The results of our validation experiments for DESIGN and L1-SPIRiT are illustrated for both T1-weighted data sets in Figs. 2 and 3, respectively. The value of ε shown is 10−4 for both data sets with both DESIGN and L1-SPIRiT. The other values of ε considered yielded essentially identical curves to these curves, implying that WSURE estimates are fairly insensitive to ε for either of these nonlinear methods. For ease of comparison, the constant term in Eq. [10], which depends on the true value x, is computed from the reference k-space and added to WSURE estimates in the figures. This value is a constant offset, so it is not needed to find the WSURE-optimized γ. In both cases, the trend of WSURE estimates follows the shape of the curves for both true and approximate WMSE, although they tend to deviate more for smaller values of the regularization parameter. In addition, the approximate WMSE values are similar to the true WMSE values, validating the approximation GMxx made in Eq. [4]. In addition to having similar shapes, these curves share similar minima, validating the accuracy of our proposed WSURE error criterion. The error bars depicting ±5 sample standard deviations from the sample mean of our 20 WSURE estimates also suggest that a single realization of b is sufficiently precise to choose γ that minimizes the WMSE effectively. The maximum observed sample standard deviations were 1.2 and 0.63 percent of the mean for DESIGN and L1-SPIRiT, respectively.

Figure 2.

Figure 2

WSURE for GRAPPA-based DESIGN, shown for data sets #1 (a) and #2 (b) with ε = 10−4, are similar in shape to the true weighted MSE curves and the GRAPPA-approximated weighted MSE curves and are minimized by nearly the same value of γ as the true WMSE curves in each case. The error bars on WSURE curves correspond to plus/minus five standard deviations from the mean WSURE value. Only the error bars were estimated from 20 realizations of the complex Bernoulli noise vector b; the WSURE curves correspond to using just the first realization of b. The curves are shown for 2 × 2 uniform undersampling (with a 24 × 24 fully-sampled central ACS block), with 22.3 dB input SNR for the first data set and 19.7 dB input SNR for the second.

Figure 3.

Figure 3

WSURE for L1-SPIRiT, shown for data sets #1 (a) and #2 (b) with ε = 10−4, closely tracks both the true weighted MSE and the SPIRiT-approximated weighted MSE curves. WSURE curve error bars correspond to plus/minus five standard deviations from the mean WSURE value. Only the error bars were estimated from 20 realizations of the complex Bernoulli noise vector b; the WSURE curves correspond to using just the first realization of b.
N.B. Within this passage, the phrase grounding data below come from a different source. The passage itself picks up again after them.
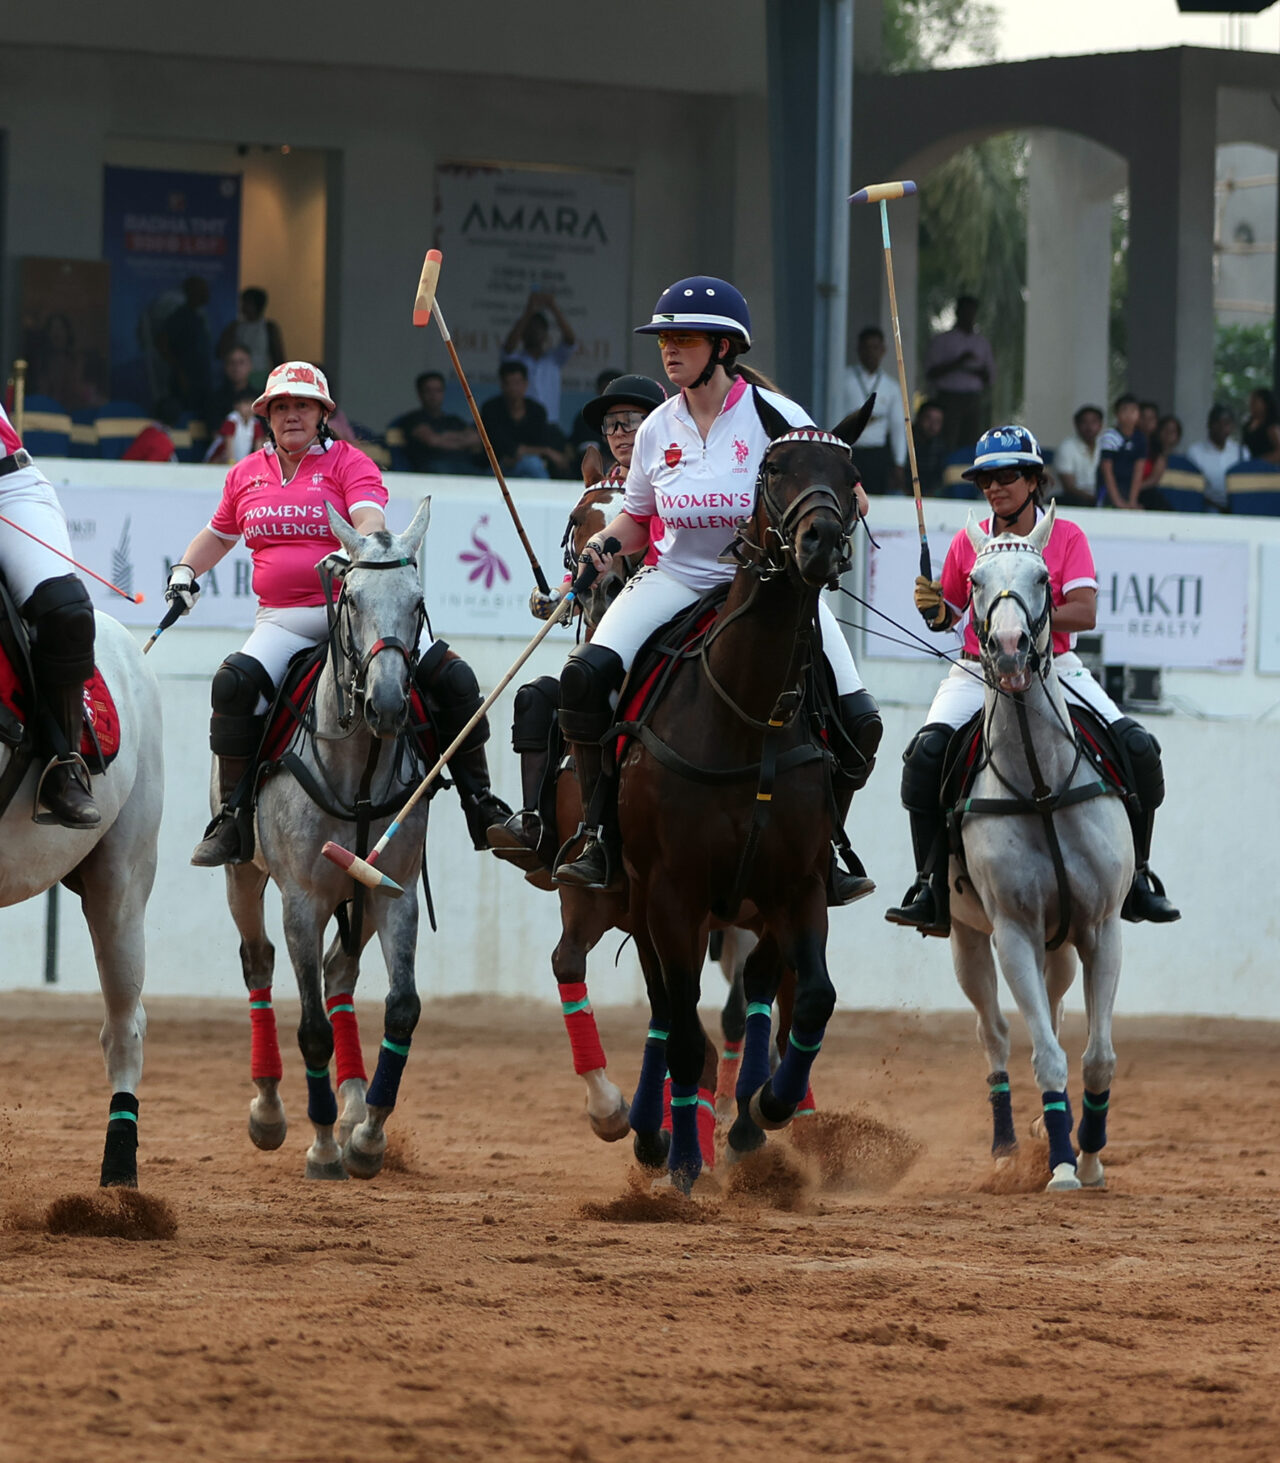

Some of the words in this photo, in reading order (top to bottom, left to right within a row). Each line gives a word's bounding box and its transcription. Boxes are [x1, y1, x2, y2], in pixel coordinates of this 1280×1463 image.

[461, 200, 608, 245] AMARA
[661, 493, 751, 509] WOMEN'S
[245, 505, 323, 521] WOMEN'S
[244, 523, 329, 540] CHALLENGE
[1128, 619, 1202, 639] REALTY
The curves are shown for R ≈ 5 Poisson-disc undersampling (with a 24 × 24 fully-sampled ACS region), with 22.3 dB input SNR for the first data set and 19.7 dB input SNR for the second.

Figure 4 shows the optimal γ’s and WMSE values for the first T1-weighted data set of the WSURE-optimized and WMSE-optimal DESIGN reconstructions, for a range of noise levels, with 2 × 2 uniform Cartesian undersampling. The curves for the second data set display similar behavior and can be found online as supplementary material. The staircase-ramp effect observed in the plot of WSURE-optimized γ is due to the coarseness of the employed parameter sweep. Additional sweep levels would not be meaningful considering that the change in WMSE is so small around the minimum as to be nearly comparable to the standard deviation in the Monte Carlo WSURE estimates. The L-curve-like method maximizing the curvature of the log-log pareto optimality frontier tends to overestimate γ for both these data sets, particularly in the cases of high input SNR. For the second data set, the L-curve-selected γ does not increase monotonically, indicating difficulty in estimating the second derivative of the log-log pareto curve numerically for this application. The WMSEs of the reconstructions guided by L-curve selection suffer as a result. The multi-channel k-space WMSE values for the WMSE-optimal and WSURE-optimized choices of γ show little difference between reconstructions optimal for these error criteria, so we examine the reconstructed sum-of-squares-combined magnitude and difference images for data set #1 with 10.3 dB input SNR and data set #2 with 16.7 dB input SNR, all in Fig. 5. Both WMSE-optimal and WSURE-optimized DESIGN reconstructions display similar reduction in noise level over the GRAPPA-reconstructed image and minimal residual image structure in the difference images. Both data sets’ reconstructions for DESIGN with L-curve-selected γ portray significant oversmoothing.

Figure 4.

Figure 4

Varying the noise level of 2×2 uniform undersampled data, the sparsity-promoting DESIGN method yields similarly lower WMSE (a) for both WMSE-optimal and WSURE-optimized choices of γ, relative to the un-regularized GRAPPA reconstruction, for the first data set. The WMSE of the DESIGN reconstruction using the WSURE-optimized choice is within 0.038 dB of the true WMSE-optimal DESIGN reconstruction. This behavior is consistent with the WMSE-optimal and WSURE-optimized choices for the DESIGN regularization parameter γ (b) being nearly the same for this example. The L-curve-style method, however, appears to overestimate γ, yielding images with slightly higher WMSE, and in the high-SNR case, worse than performing un-regularized GRAPPA.

Figure 5.

Figure 5

The GRAPPA-reconstructed image (a) and difference image (b) for data set #1 with 10.3 dB input SNR display significant noise, while DESIGN with both WMSE-optimal (e,f) and WSURE-optimized (i,j) choices of γ effectively denoise the image while losing only a small amount of detail. The L-curve-based method (m,n) oversmooths the image, resulting in significant blurring artifacts. Similar results are observed for the second data set with 16.7 dB input SNR, where remaining noise in the GRAPPA reconstruction (c,d) is mitigated by DESIGN using the WMSE-optimal (g,h), WSURE-optimized (k,l), and L-curve-selected (o,p) choices of γ. Again, oversmoothing in the L-curve-based reconstruction is visible in the second data set. The difference images are displayed at 5× scale.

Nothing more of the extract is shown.